Nicholas Andersen: Career in Security
Andersen has spent much of his professional life safeguarding the country’s critical infrastructure against both physical and digital threats. His career reflects a balance of military service, government leadership, and private sector expertise, giving him a unique perspective on today’s cyber challenges.
A decorated U.S. Marine veteran, Andersen’s military background instilled the discipline and foresight that have marked his leadership roles. He has been recognized as Intelligence Executive of the Year and named one of the top 10 CISOs to watch by Washington Executive Magazine.
In the private sector, Andersen served as President and Chief Operating Officer at Invictus, where he oversaw cybersecurity, intelligence integration, and technology delivery for both federal and commercial partners. His role as Chief Information Security Officer at Lumen Technologies Public Sector further highlighted his ability to bridge public and private interests. There, he designed and executed a comprehensive cybersecurity strategy, launched secure offerings, and established partnerships that enhanced national resilience.
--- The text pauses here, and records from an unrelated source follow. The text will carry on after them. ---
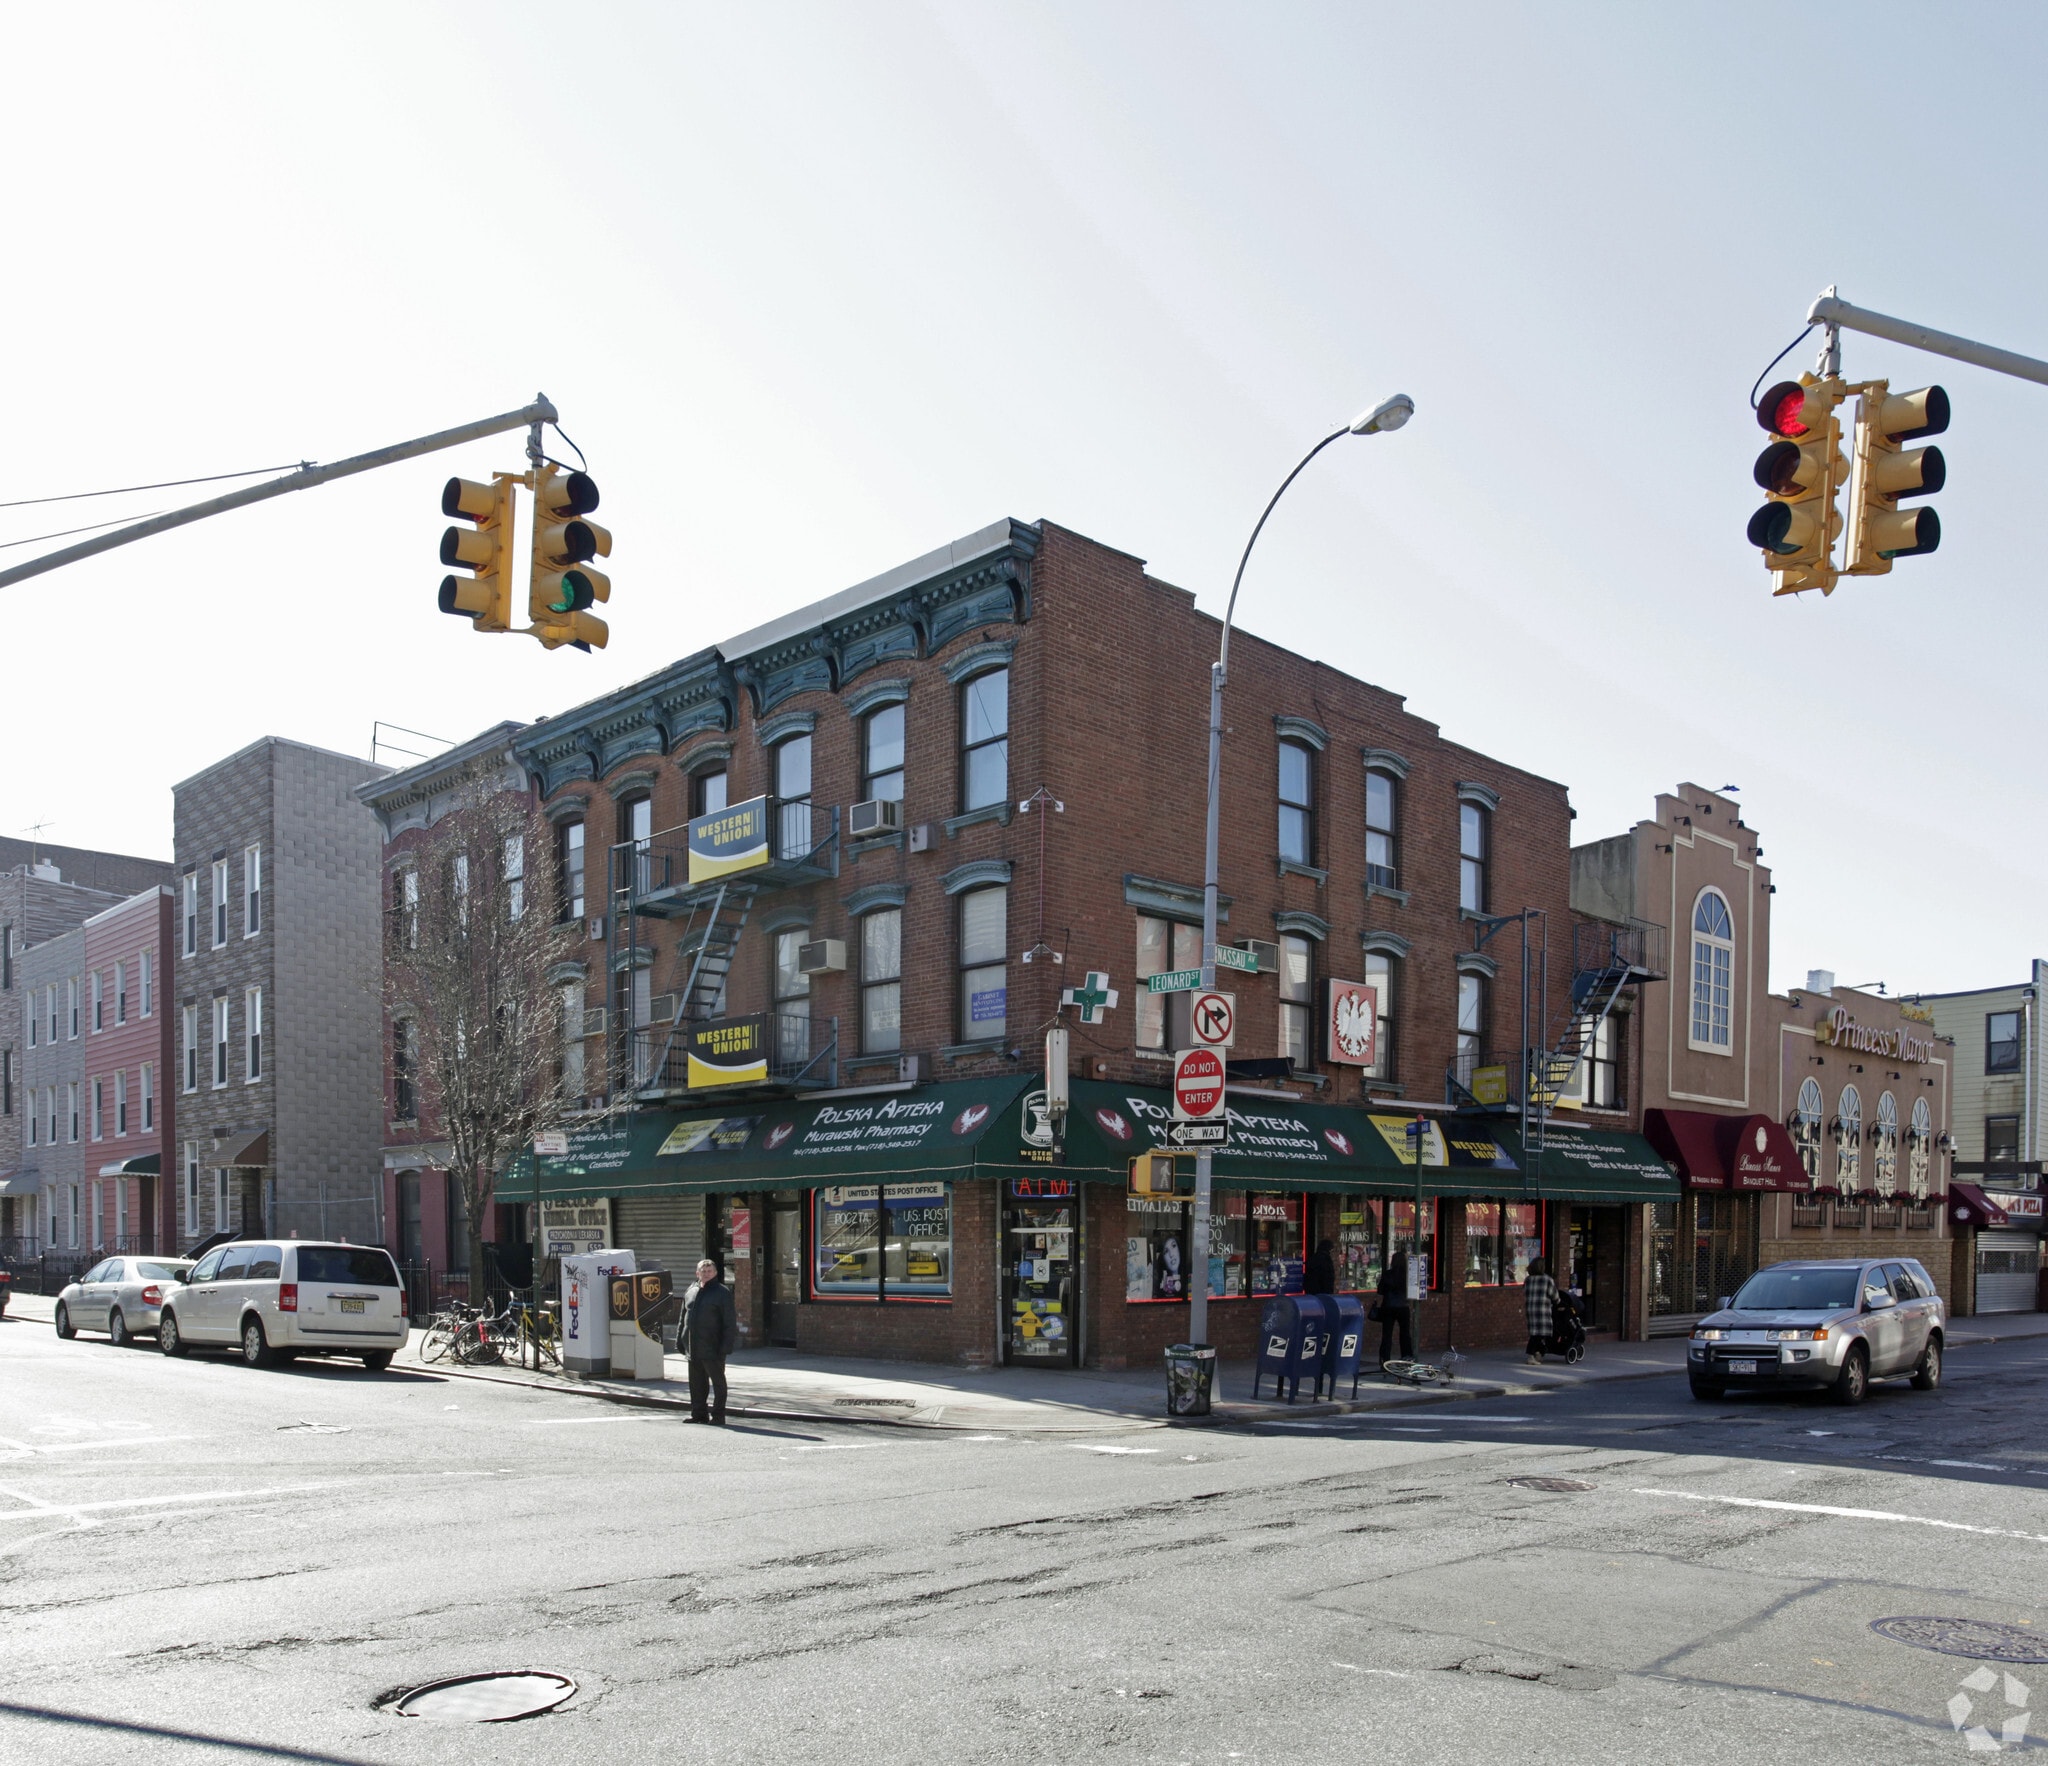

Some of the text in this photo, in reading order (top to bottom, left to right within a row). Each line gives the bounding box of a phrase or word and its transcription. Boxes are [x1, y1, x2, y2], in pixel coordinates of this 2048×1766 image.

[698, 811, 750, 839] WESTERN
[714, 824, 751, 846] UNION
[1217, 947, 1256, 968] NASSAU AV
[1151, 971, 1199, 992] LEONARD ST
[697, 1025, 749, 1044] WESTERN
[1831, 1005, 1934, 1064] Princess Manor
[713, 1038, 750, 1055] UNION
[1184, 1062, 1216, 1074] DO NOT
[1185, 1092, 1213, 1104] ENTER
[803, 1123, 933, 1143] Murawski Pharmacy
[1176, 1129, 1194, 1139] ONE
[1202, 1128, 1220, 1138] WAY
[1236, 1131, 1319, 1151] Pharmacy
[1450, 1140, 1496, 1151] WESTERN
[1765, 1177, 1777, 1186] HALL
[848, 1188, 869, 1198] UNITED
[897, 1186, 914, 1195] POST
[914, 1185, 938, 1194] OFFICE
[924, 1208, 949, 1220] POST
[2023, 1199, 2041, 1214] PIZZA
[834, 1212, 870, 1225] POCZTA
[908, 1223, 944, 1236] OFFICE
[597, 1265, 624, 1276] FedEx
[643, 1283, 659, 1298] ups
[614, 1292, 628, 1312] ups
[568, 1282, 579, 1340] FedEx
His government service is equally distinguished. From 2019 to 2021, Andersen held senior roles at the Department of Energy’s Office of Cybersecurity, Energy Security, and Emergency Response. As Principal Deputy Assistant Secretary and later Acting Assistant Secretary, he directed national initiatives to protect the U.S. energy sector against cyber and physical threats. He played a key role in responding to Iranian cyber threats, energy crises, and disaster recovery efforts in Puerto Rico.
Transition in Leadership
Andersen’s arrival also brings a shift in leadership within CISA’s cybersecurity division. Chris Butera, who has been serving as Acting Executive Assistant Director for Cybersecurity, will transition into the role of Acting Deputy Executive Assistant Director. This continuity ensures that the agency’s cybersecurity operations remain steady while Andersen takes the helm.
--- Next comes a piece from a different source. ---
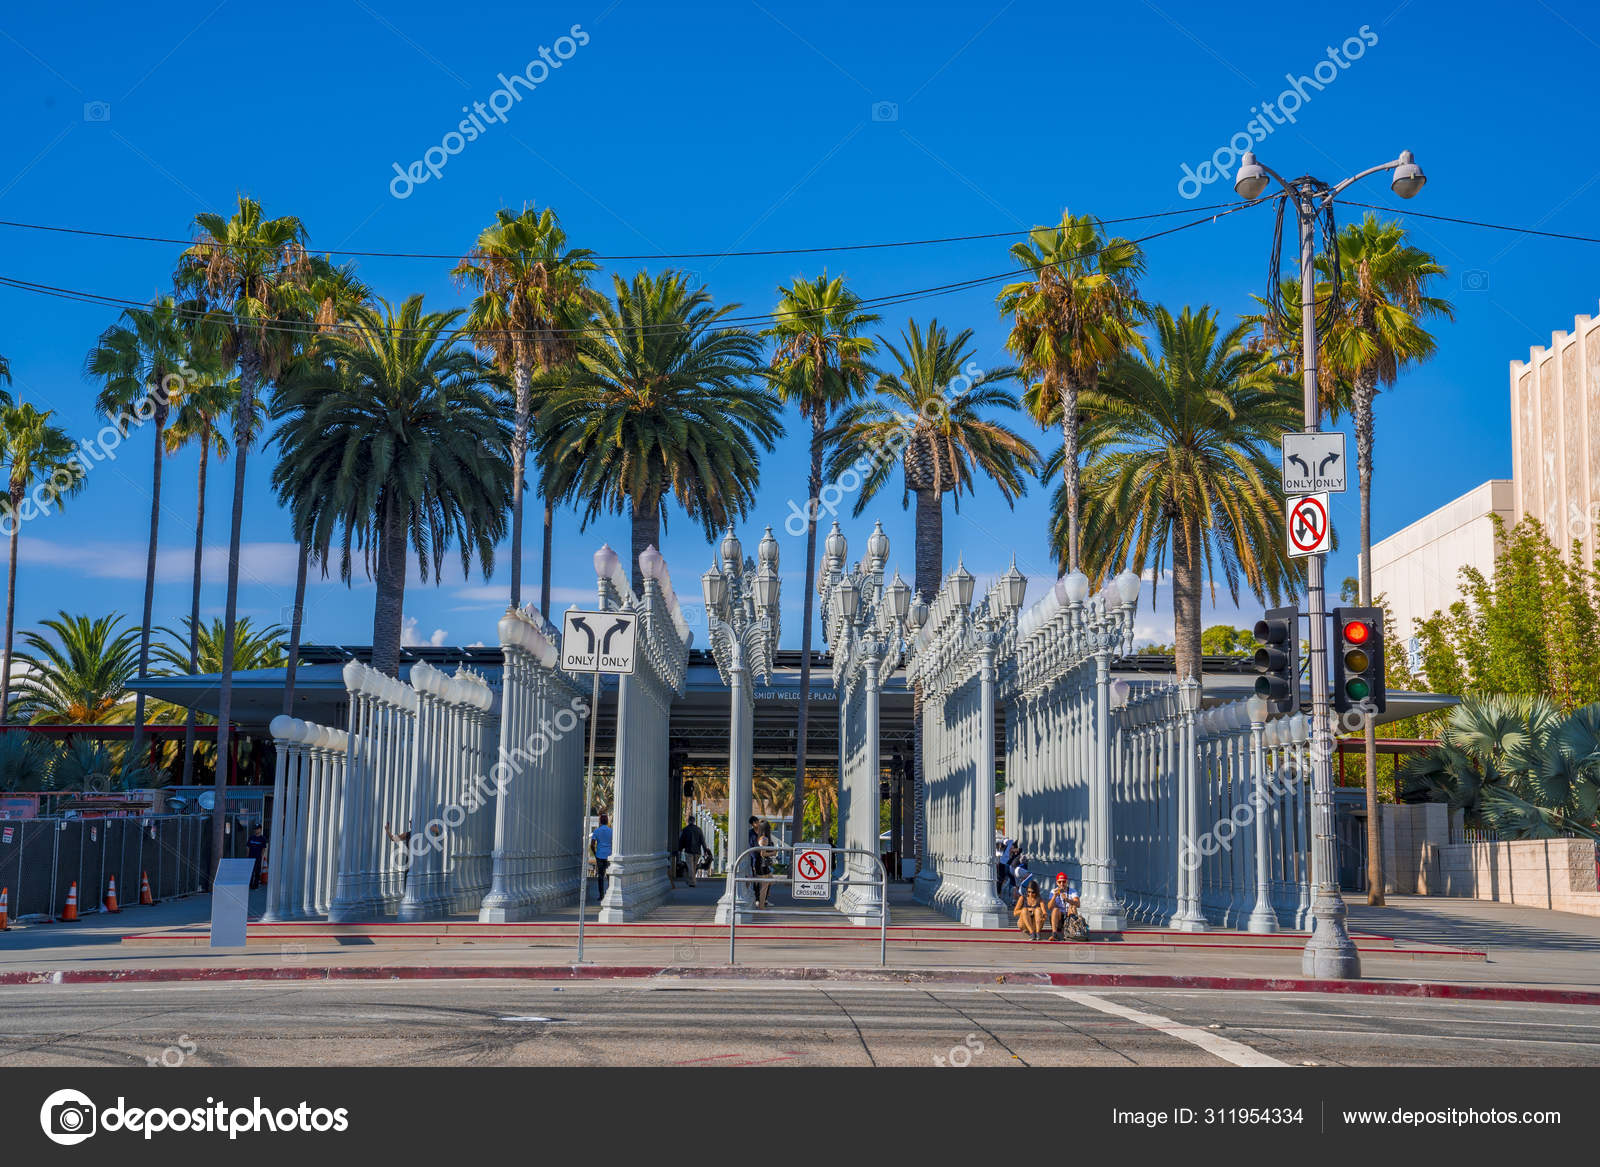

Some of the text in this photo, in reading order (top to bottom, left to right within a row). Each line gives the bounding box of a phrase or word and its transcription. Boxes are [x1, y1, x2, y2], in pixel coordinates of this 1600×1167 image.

[1286, 478, 1343, 488] ONLY ONLY
[567, 655, 629, 666] ONLY ONLY
[814, 692, 836, 700] PLAZA
CISA, often referred to as the nation’s cyber defense agency, is tasked with protecting both digital and physical infrastructure that Americans rely on every day. The appointment of Nicholas Andersen comes at a time when threats to this infrastructure are evolving rapidly, from state-sponsored attacks to criminal exploitation of critical services.
With Andersen’s diverse background and proven leadership, CISA aims to deepen its collaboration with industry partners, enhance national preparedness, and ensure resilience in the face of growing cyber threats and attacks.